- Purchase a ‘necessity’ for gold miner to offset closures: CEO
- Harmony, which lost money in 2015, could borrow 5 billion rand
Harmony Gold Mining Co. is willing to use debt and equity to buy a profitable mine that will offset falling production in South Africa and help fund a major new project in Papua New Guinea, Chief Executive Officer Peter Steenkamp said.
With the company likely to lose about 40 percent of its current production over the next six years due to mines reaching the end of their lives, a big acquisition is “a necessity,” Steenkamp, 56, said Tuesday in an interview in Johannesburg.
“We have a gap emerging and what we need to do is fill that,” Steenkamp said. “We have to look for something fairly big.”
Harmony, South Africa’s third-largest gold miner, lost money for three years to 2015 but has been revived by a price for the metal that’s 26 percent higher this year and a weak South African rand, which has lowered costs. The company’s ultimate goal is to build a $2.6 billion mine on its Golpu copper-gold deposit in Papua New Guinea that will reduce costs as well as boost production and reserves. It has a 50 percent stake in the project with Newcrest Mining Ltd. owning the rest.
The stock has more than tripled to 56.48 rand this year, giving the company a market value of 25 billion rand ($1.8 billion).
“We’re trying to beef up the current engine to be able to build Golpu, which is the prize,” Steenkamp said. “We want to do the right acquisition at the right time to have enough firepower to build Golpu.”
Harmony has the capacity to raise about 5 billion rand in debt but would consider using its stock to make a big acquisition, Finance Director Frank Abbott said. “It’s difficult to put a value on the size of what a merger or acquisition would be.”
Declining to name specific targets, Steenkamp said Africa and Papua New Guinea would be preferable locations for an acquisition. “In South Africa, it’s limited,” said Abbott, 60. “AngloGold has got some assets and Sibanye. It depends on whether they’re prepared to sell any of those assets. I don’t think Sibanye is a seller but AngloGold might be a seller.”
Any purchase would have to have at least 1 million ounces of reserves, produce 100,000 ounces a year and bring the company’s overall costs down to $950 an ounce.
Harmony produced 1.1 million ounces of gold in the year to June 30 at an all-in cost of $1,003 an ounce. Gold dropped 0.6 percent to $1,329.45 an ounce at 2:16 p.m. in London.
Historically, the company has been an end-of-life operator for aging mines in South Africa. That’s now coming home to roost, with six of its 14 operations reaching the end of their scheduled lives in the next six years. Masimong and Unisel “are basically mined out” while Kusasalethu needs 2.6 billion rand of capital to extend its life beyond five years, Steenkamp said.
The three closures mean Harmony will lose about 220,000 ounces, he said. Bambanani, Hidden Valley and some of its surface operations will also cease by 2022, according to the producer’s website.

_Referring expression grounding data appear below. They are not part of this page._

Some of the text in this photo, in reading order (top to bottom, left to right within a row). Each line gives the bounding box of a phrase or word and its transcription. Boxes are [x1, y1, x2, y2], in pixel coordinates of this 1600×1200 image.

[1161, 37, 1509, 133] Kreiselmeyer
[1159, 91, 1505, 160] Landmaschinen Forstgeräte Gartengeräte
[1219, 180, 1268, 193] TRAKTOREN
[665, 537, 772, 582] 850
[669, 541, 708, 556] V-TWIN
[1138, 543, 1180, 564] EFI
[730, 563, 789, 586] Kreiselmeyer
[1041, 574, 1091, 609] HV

As well as a future acquisition, Steenkamp plans to boost production by combining two of its mines, Tshepong and Phakisa. Together, they produced about 290,000 ounces last year. Merging them would cut costs and could raise output to 350,000 to 375,000 ounces a year, Steenkamp said. The company should be able to maintain current production for about five years, he said.

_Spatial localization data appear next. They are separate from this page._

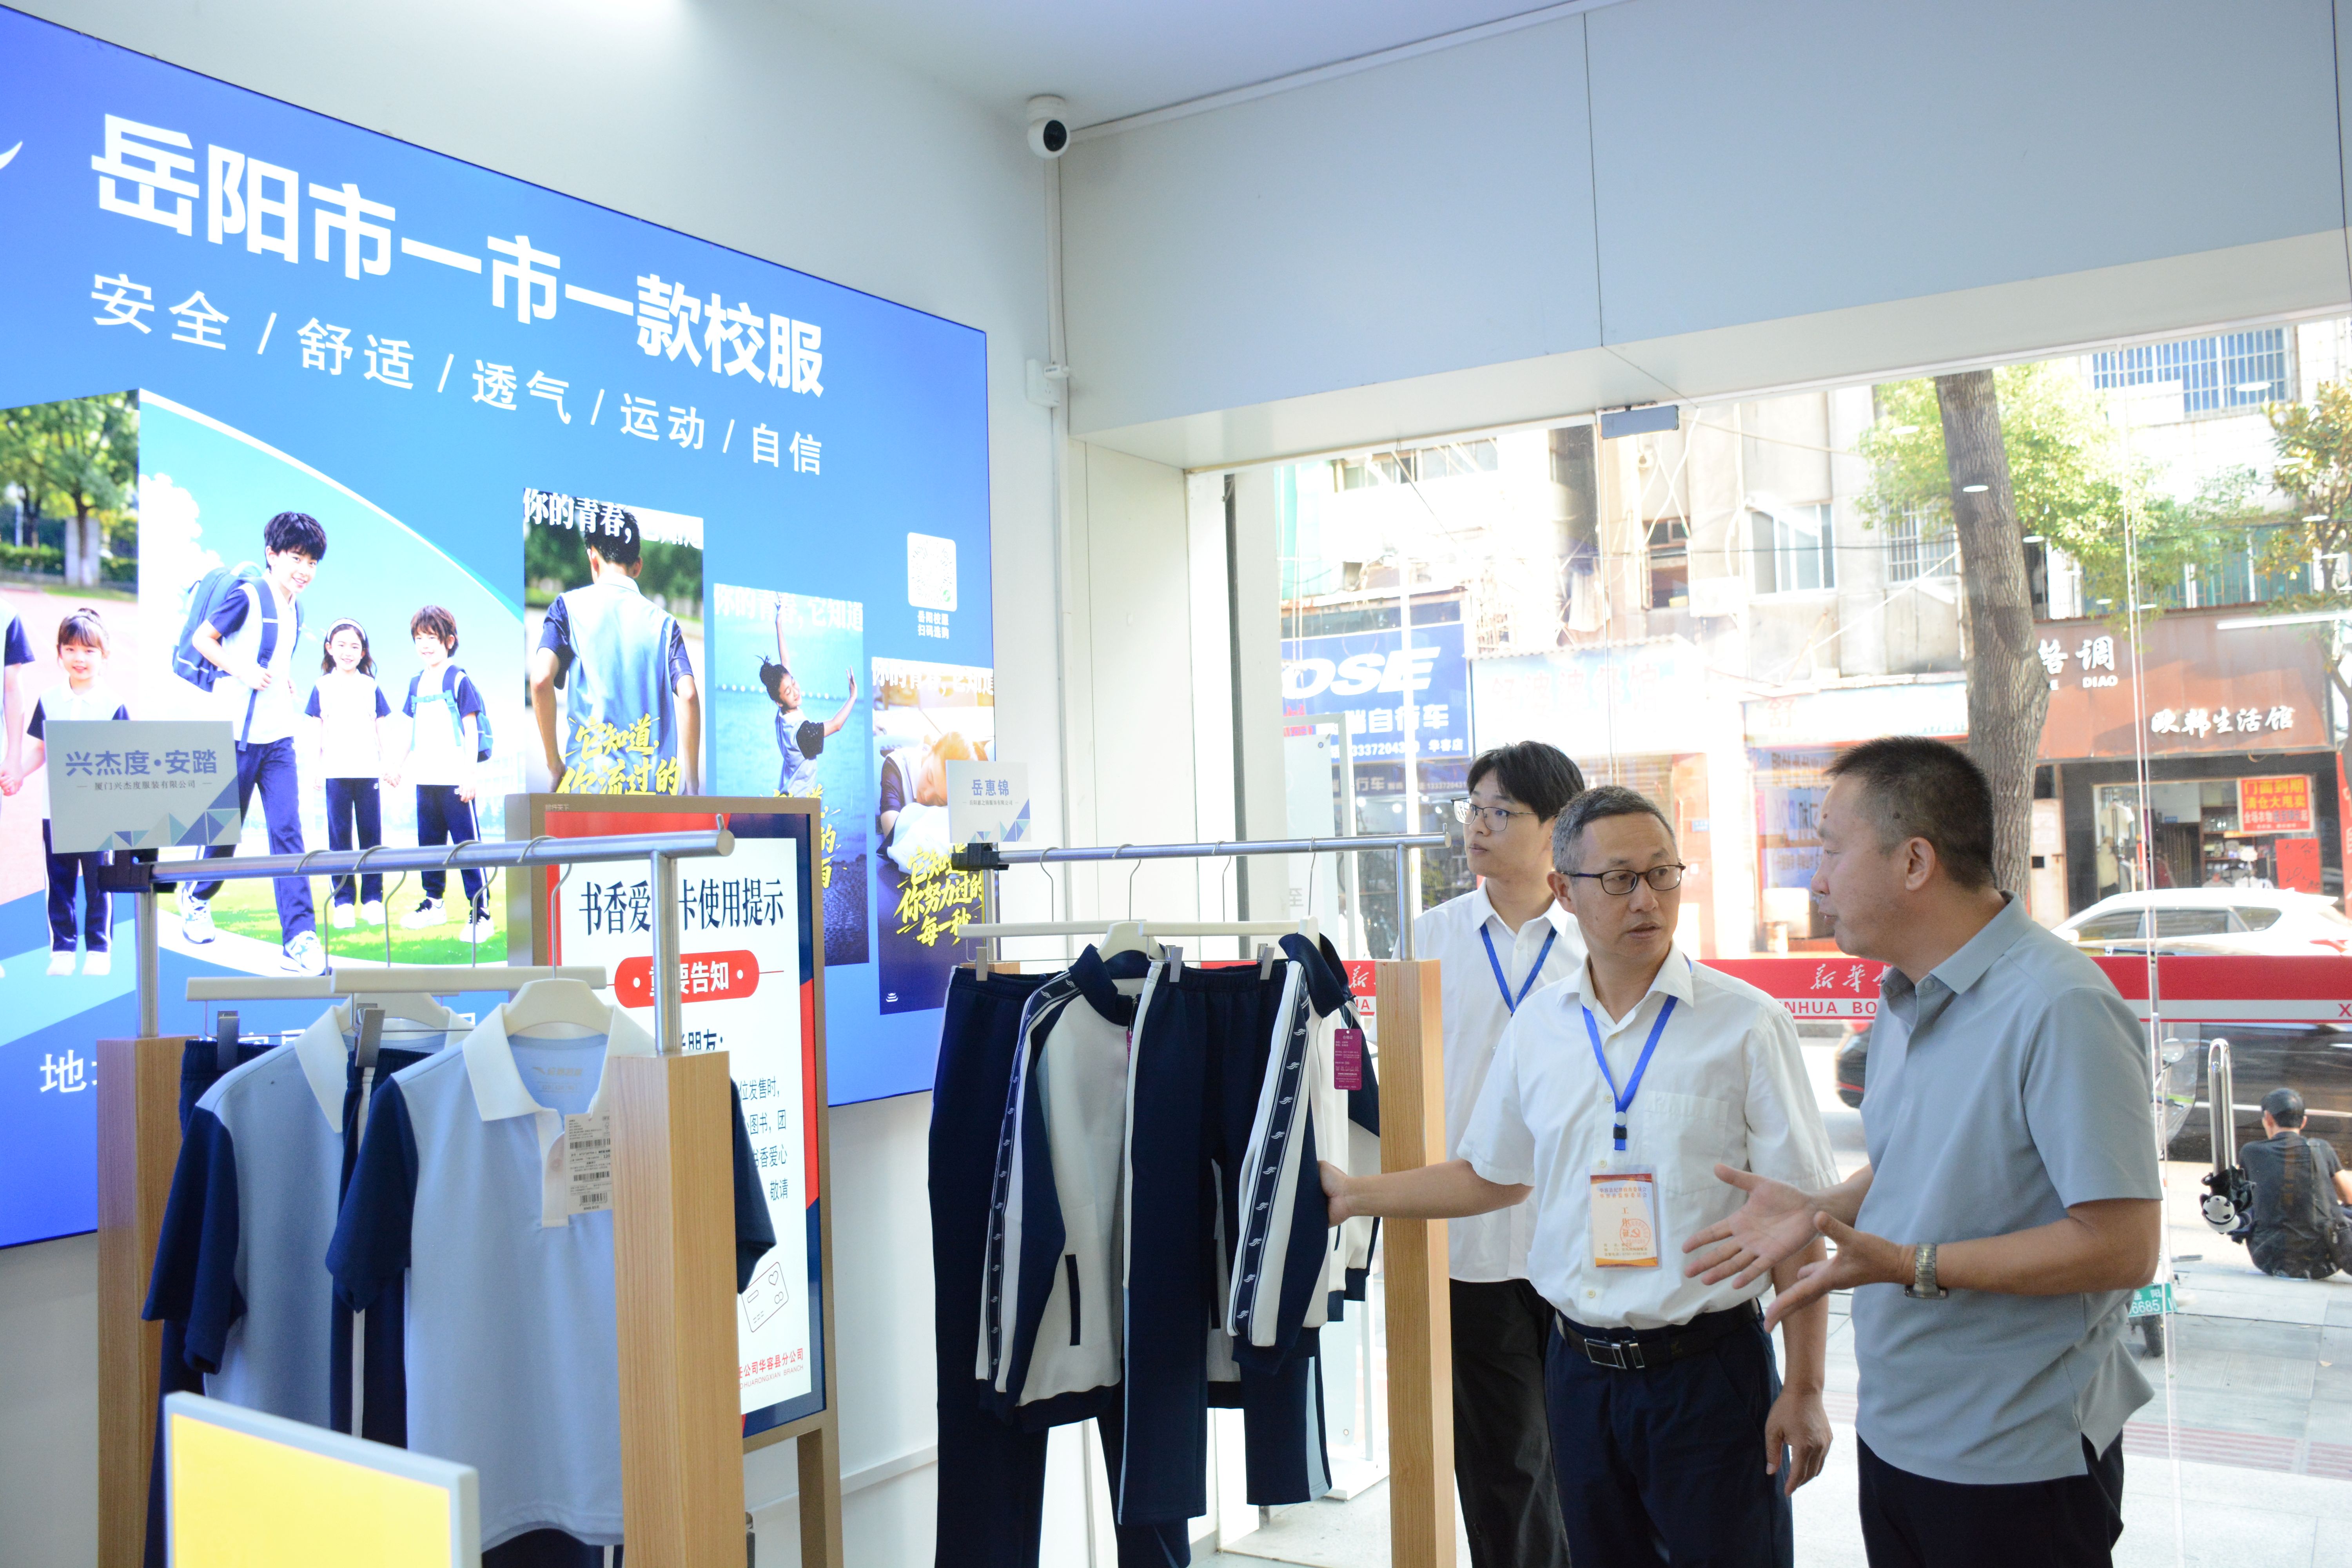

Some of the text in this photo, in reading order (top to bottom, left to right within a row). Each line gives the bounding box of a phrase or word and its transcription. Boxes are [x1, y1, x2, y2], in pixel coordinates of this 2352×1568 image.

[91, 113, 824, 398] 岳阳市一市一款校服
[91, 273, 230, 351] 安全
[297, 317, 414, 390] 舒适
[472, 358, 572, 425] 透气
[620, 393, 705, 450] 运动
[752, 423, 822, 476] 自信
[2082, 675, 2118, 688] DIAO
[2151, 705, 2296, 739] 欧韩生活馆
[575, 713, 660, 761] 它知道，
[65, 749, 218, 777] 兴杰度·安踏
[94, 780, 196, 791] 厦门兴杰度服装有限公司
[971, 779, 1009, 797] 岳惠锦
[2244, 778, 2305, 795] 门面到期
[579, 878, 785, 936] 书香爱卡使用提示
[649, 960, 730, 997] 要告知
[1779, 1001, 1838, 1014] NHUA
[40, 1049, 98, 1094] 地
[746, 1109, 787, 1136] 图书，团
[769, 1177, 788, 1201] 敬请
[2130, 1300, 2160, 1314] 6685

“Harmony is not up against the wall like last year but it has to do something,” said Rene Hochreiter, a Johannesburg-based analyst at Noah Capital Markets (Pty) Ltd. with a buy rating on the stock. “The current gold price has provided a big windfall and they want to take advantage.”
With gold up by almost a third this year and competitors also on the prowl for acquisitions, Harmony is aware that any deal would be “fairly expensive,” yet it would be a price worth paying to see the company through the mine closures and increase its ability to fund Golpu.
“We can’t buy at any cost,” Steenkamp said. “But I’m pretty sure we’ll be able to find what we want in Africa.”